Oh, how kind you were to give that lady an autograph when you were out shopping!

Oh, how lovely of you to stop and talk to fans on the red carpet!

Celebrities and producers talk a lot about thanking their fans, about being responsible to their fans, but aside from the odd “Day with ____” contest, they rarely spend more than a minute with one of their admirers. A fan is somebody who is so separated from the object of their admiration that if that object stoops to acknowledge them, he or she is expected to be grateful for it. That is not how literature should be treated. Ever.

All art is derivative, this is something every creative artist knows unless they are a very ignorant and self involved individual (and that person is derivative too.) Every work of art, experience, telemarketing call, and traffic ticket goes into an artist’s little bag of tricks. An artist cannot think “what if…?” if there is no what in the first place. Yes, not all of us create derivative work in the copyright sense (i.e. work that includes major, copyright-protected elements of an original, previously created first work), but we are all derivative. Why put a word in there that makes the author of a derivative work completely beholden to the author who influenced them, especially when, in the case of “Rosencrantz and Guildenstern are Dead”, the author has been dead for over four hundred years?

The literary world refers to these types of work as parallel fiction, or derivative fiction, mostly because not all of the works that are used are emulated in the way a fan would. “Fan” comes from the term fanatic, a person, who according to Merriam-Webster Dictionary, is “marked by excessive enthusiasm and often intense uncritical devotion.” Jean Rhys’ Wide Sargasso Sea sharply criticizes Charlotte Bronte’s Jane Eyre by reclaiming Rochester’s first wife, the infamous “madwoman in the attic” as a biracial heiress who has been abused by the predictably awful Rochester. (Seriously, Mr. Rochester is the 19th century’s Edward Cullen. So attractive until you notice his abusive personality.)

I am well aware that the reclamation of the term “fan” is underway, bringing it further from its Latin root, fanaticus, or frenzied by a deity. Fans have begun to hold their creators accountable (the most notable example being the letdown and ensuing rebellion that stemmed from Star Wars Episode I: The Phantom Menace.) Disney fans have also fought back against the companies rampant lawsuits over their licensed characters. (Though I’m not sure they ever won…)

There are some writers of published derivative fiction that do characterize themselves as fans of their sources. Gregory Maguire, author of Wicked, has an admiration for The Wizard of Oz that verges on worship. I recently got a chance to speak to Mr. Maguire at a literary conference I attended. Much of his childhood play revolved around the world of Oz, and he talked about how frustrating it was to stop the game, to know that Dorothy was frozen there, lost in Oz. I think that a lot of derivative work stems from this feeling, this need to continue a world that has been put on pause because the original creator is not there to continue it.
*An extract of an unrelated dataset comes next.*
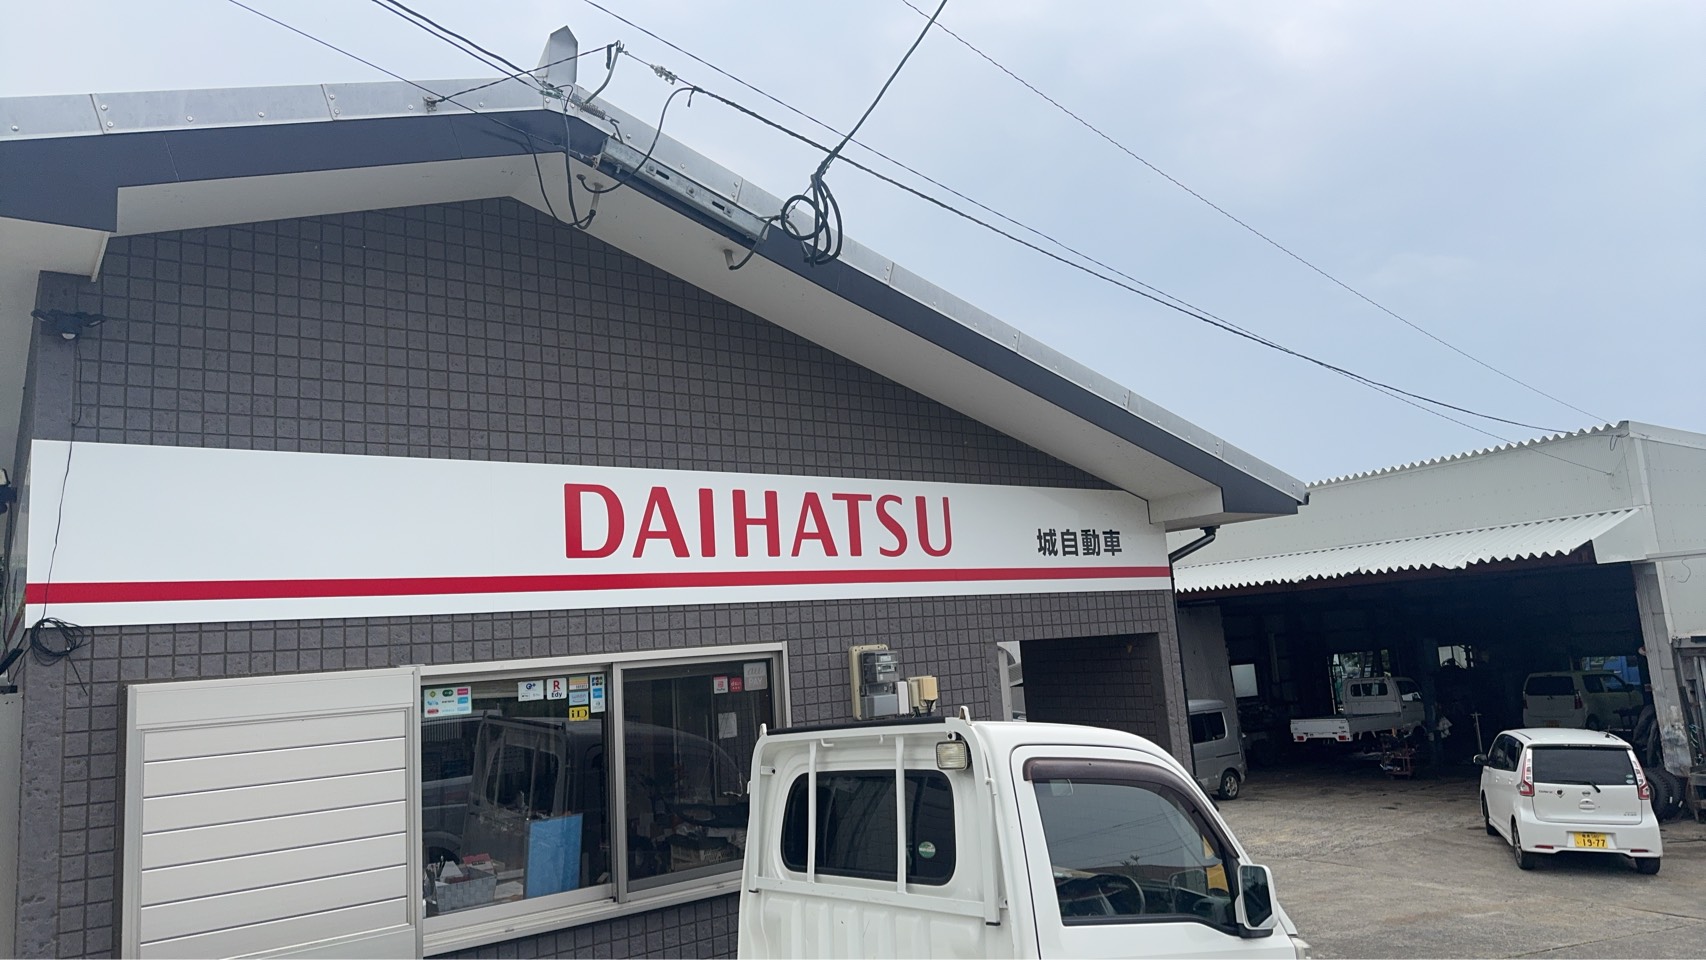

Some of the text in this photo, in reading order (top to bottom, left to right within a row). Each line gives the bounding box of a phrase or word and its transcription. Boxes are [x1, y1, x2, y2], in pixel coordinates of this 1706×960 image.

On the notion of fanfiction, I asked Mr. Maguire, if there was any narrative universe a writer couldn’t explore ethically. Without pausing he replied,

“There is no such universe. No door is locked if the pen is sharp enough. […] Of course, there is a difference between writing and playing and selling.”

He said that he didn’t know what he would have done if the Oz books were still under copyright: “probably not publish.” (It turned out that they had entered the public domain less than three months before Harper Collins received his first draft of Wicked.) On a side note, he does not characterize his work as fanfiction.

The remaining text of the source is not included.